━━ Given information ━━

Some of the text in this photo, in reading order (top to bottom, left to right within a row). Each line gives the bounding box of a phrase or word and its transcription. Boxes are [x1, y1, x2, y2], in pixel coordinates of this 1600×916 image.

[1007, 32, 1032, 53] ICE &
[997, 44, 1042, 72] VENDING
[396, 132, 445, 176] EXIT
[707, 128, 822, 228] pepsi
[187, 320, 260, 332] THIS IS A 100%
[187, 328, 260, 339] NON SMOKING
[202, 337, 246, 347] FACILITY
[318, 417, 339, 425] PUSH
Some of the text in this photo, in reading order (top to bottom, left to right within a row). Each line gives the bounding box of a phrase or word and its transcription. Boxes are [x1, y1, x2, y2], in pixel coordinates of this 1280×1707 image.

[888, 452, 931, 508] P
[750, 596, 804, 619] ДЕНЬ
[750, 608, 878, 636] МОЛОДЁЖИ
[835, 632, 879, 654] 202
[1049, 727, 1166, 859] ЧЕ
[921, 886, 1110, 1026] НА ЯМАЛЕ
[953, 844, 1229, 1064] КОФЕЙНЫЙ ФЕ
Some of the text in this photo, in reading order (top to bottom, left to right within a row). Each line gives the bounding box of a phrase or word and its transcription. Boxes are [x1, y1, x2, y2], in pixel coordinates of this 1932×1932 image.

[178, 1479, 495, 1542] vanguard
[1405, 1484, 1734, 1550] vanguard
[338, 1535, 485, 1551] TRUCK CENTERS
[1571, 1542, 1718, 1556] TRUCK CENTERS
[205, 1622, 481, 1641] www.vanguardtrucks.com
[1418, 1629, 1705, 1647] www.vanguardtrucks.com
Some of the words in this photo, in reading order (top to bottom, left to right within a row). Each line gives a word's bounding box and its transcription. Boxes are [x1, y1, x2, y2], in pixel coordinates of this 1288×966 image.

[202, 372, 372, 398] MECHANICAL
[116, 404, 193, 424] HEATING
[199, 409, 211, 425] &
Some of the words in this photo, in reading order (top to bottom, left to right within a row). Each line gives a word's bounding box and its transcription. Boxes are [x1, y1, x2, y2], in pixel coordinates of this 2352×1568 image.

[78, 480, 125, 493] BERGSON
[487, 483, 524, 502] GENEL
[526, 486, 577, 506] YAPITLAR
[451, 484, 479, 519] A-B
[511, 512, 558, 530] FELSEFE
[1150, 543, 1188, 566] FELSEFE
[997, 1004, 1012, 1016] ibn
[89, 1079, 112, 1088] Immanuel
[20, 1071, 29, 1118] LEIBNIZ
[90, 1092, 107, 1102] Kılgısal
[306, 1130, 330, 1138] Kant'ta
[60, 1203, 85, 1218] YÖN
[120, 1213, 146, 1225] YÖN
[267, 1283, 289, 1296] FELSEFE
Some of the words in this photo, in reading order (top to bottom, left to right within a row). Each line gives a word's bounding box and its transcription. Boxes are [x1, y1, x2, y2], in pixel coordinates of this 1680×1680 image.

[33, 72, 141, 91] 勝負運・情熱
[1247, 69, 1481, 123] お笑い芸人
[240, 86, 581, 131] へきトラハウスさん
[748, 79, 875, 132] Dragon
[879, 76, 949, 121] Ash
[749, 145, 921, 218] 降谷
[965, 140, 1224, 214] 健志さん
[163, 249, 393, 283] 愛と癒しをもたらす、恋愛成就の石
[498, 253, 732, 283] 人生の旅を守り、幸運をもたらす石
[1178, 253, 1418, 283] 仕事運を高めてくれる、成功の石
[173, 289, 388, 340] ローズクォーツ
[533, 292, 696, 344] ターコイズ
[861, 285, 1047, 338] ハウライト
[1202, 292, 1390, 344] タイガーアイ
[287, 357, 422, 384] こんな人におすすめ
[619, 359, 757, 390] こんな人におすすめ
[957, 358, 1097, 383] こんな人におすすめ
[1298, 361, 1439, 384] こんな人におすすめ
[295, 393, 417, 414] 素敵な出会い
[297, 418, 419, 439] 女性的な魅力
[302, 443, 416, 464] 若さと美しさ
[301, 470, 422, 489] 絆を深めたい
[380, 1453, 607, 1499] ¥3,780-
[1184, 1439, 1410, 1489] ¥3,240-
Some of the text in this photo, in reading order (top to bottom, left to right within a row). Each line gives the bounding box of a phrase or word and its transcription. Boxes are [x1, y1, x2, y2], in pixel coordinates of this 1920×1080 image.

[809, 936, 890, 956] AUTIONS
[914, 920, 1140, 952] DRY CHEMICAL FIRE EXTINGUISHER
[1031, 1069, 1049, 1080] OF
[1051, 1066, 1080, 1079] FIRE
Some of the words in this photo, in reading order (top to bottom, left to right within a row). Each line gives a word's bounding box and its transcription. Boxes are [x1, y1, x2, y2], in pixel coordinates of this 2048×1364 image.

━━━

From the first line down to the last, give the records again exactly.

Expected output.
Some of the text in this photo, in reading order (top to bottom, left to right within a row). Each line gives the bounding box of a phrase or word and its transcription. Boxes are [x1, y1, x2, y2], in pixel coordinates of this 1600×916 image.

[1007, 32, 1032, 53] ICE &
[997, 44, 1042, 72] VENDING
[396, 132, 445, 176] EXIT
[707, 128, 822, 228] pepsi
[187, 320, 260, 332] THIS IS A 100%
[187, 328, 260, 339] NON SMOKING
[202, 337, 246, 347] FACILITY
[318, 417, 339, 425] PUSH
Some of the text in this photo, in reading order (top to bottom, left to right within a row). Each line gives the bounding box of a phrase or word and its transcription. Boxes are [x1, y1, x2, y2], in pixel coordinates of this 1280×1707 image.

[888, 452, 931, 508] P
[750, 596, 804, 619] ДЕНЬ
[750, 608, 878, 636] МОЛОДЁЖИ
[835, 632, 879, 654] 202
[1049, 727, 1166, 859] ЧЕ
[921, 886, 1110, 1026] НА ЯМАЛЕ
[953, 844, 1229, 1064] КОФЕЙНЫЙ ФЕ
Some of the text in this photo, in reading order (top to bottom, left to right within a row). Each line gives the bounding box of a phrase or word and its transcription. Boxes are [x1, y1, x2, y2], in pixel coordinates of this 1932×1932 image.

[178, 1479, 495, 1542] vanguard
[1405, 1484, 1734, 1550] vanguard
[338, 1535, 485, 1551] TRUCK CENTERS
[1571, 1542, 1718, 1556] TRUCK CENTERS
[205, 1622, 481, 1641] www.vanguardtrucks.com
[1418, 1629, 1705, 1647] www.vanguardtrucks.com
Some of the words in this photo, in reading order (top to bottom, left to right within a row). Each line gives a word's bounding box and its transcription. Boxes are [x1, y1, x2, y2], in pixel coordinates of this 1288×966 image.

[202, 372, 372, 398] MECHANICAL
[116, 404, 193, 424] HEATING
[199, 409, 211, 425] &
Some of the words in this photo, in reading order (top to bottom, left to right within a row). Each line gives a word's bounding box and its transcription. Boxes are [x1, y1, x2, y2], in pixel coordinates of this 2352×1568 image.

[78, 480, 125, 493] BERGSON
[487, 483, 524, 502] GENEL
[526, 486, 577, 506] YAPITLAR
[451, 484, 479, 519] A-B
[511, 512, 558, 530] FELSEFE
[1150, 543, 1188, 566] FELSEFE
[997, 1004, 1012, 1016] ibn
[89, 1079, 112, 1088] Immanuel
[20, 1071, 29, 1118] LEIBNIZ
[90, 1092, 107, 1102] Kılgısal
[306, 1130, 330, 1138] Kant'ta
[60, 1203, 85, 1218] YÖN
[120, 1213, 146, 1225] YÖN
[267, 1283, 289, 1296] FELSEFE
Some of the words in this photo, in reading order (top to bottom, left to right within a row). Each line gives a word's bounding box and its transcription. Boxes are [x1, y1, x2, y2], in pixel coordinates of this 1680×1680 image.

[33, 72, 141, 91] 勝負運・情熱
[1247, 69, 1481, 123] お笑い芸人
[240, 86, 581, 131] へきトラハウスさん
[748, 79, 875, 132] Dragon
[879, 76, 949, 121] Ash
[749, 145, 921, 218] 降谷
[965, 140, 1224, 214] 健志さん
[163, 249, 393, 283] 愛と癒しをもたらす、恋愛成就の石
[498, 253, 732, 283] 人生の旅を守り、幸運をもたらす石
[1178, 253, 1418, 283] 仕事運を高めてくれる、成功の石
[173, 289, 388, 340] ローズクォーツ
[533, 292, 696, 344] ターコイズ
[861, 285, 1047, 338] ハウライト
[1202, 292, 1390, 344] タイガーアイ
[287, 357, 422, 384] こんな人におすすめ
[619, 359, 757, 390] こんな人におすすめ
[957, 358, 1097, 383] こんな人におすすめ
[1298, 361, 1439, 384] こんな人におすすめ
[295, 393, 417, 414] 素敵な出会い
[297, 418, 419, 439] 女性的な魅力
[302, 443, 416, 464] 若さと美しさ
[301, 470, 422, 489] 絆を深めたい
[380, 1453, 607, 1499] ¥3,780-
[1184, 1439, 1410, 1489] ¥3,240-
Some of the text in this photo, in reading order (top to bottom, left to right within a row). Each line gives the bounding box of a phrase or word and its transcription. Boxes are [x1, y1, x2, y2], in pixel coordinates of this 1920×1080 image.

[809, 936, 890, 956] AUTIONS
[914, 920, 1140, 952] DRY CHEMICAL FIRE EXTINGUISHER
[1031, 1069, 1049, 1080] OF
[1051, 1066, 1080, 1079] FIRE
Some of the words in this photo, in reading order (top to bottom, left to right within a row). Each line gives a word's bounding box and its transcription. Boxes are [x1, y1, x2, y2], in pixel coordinates of this 2048×1364 image.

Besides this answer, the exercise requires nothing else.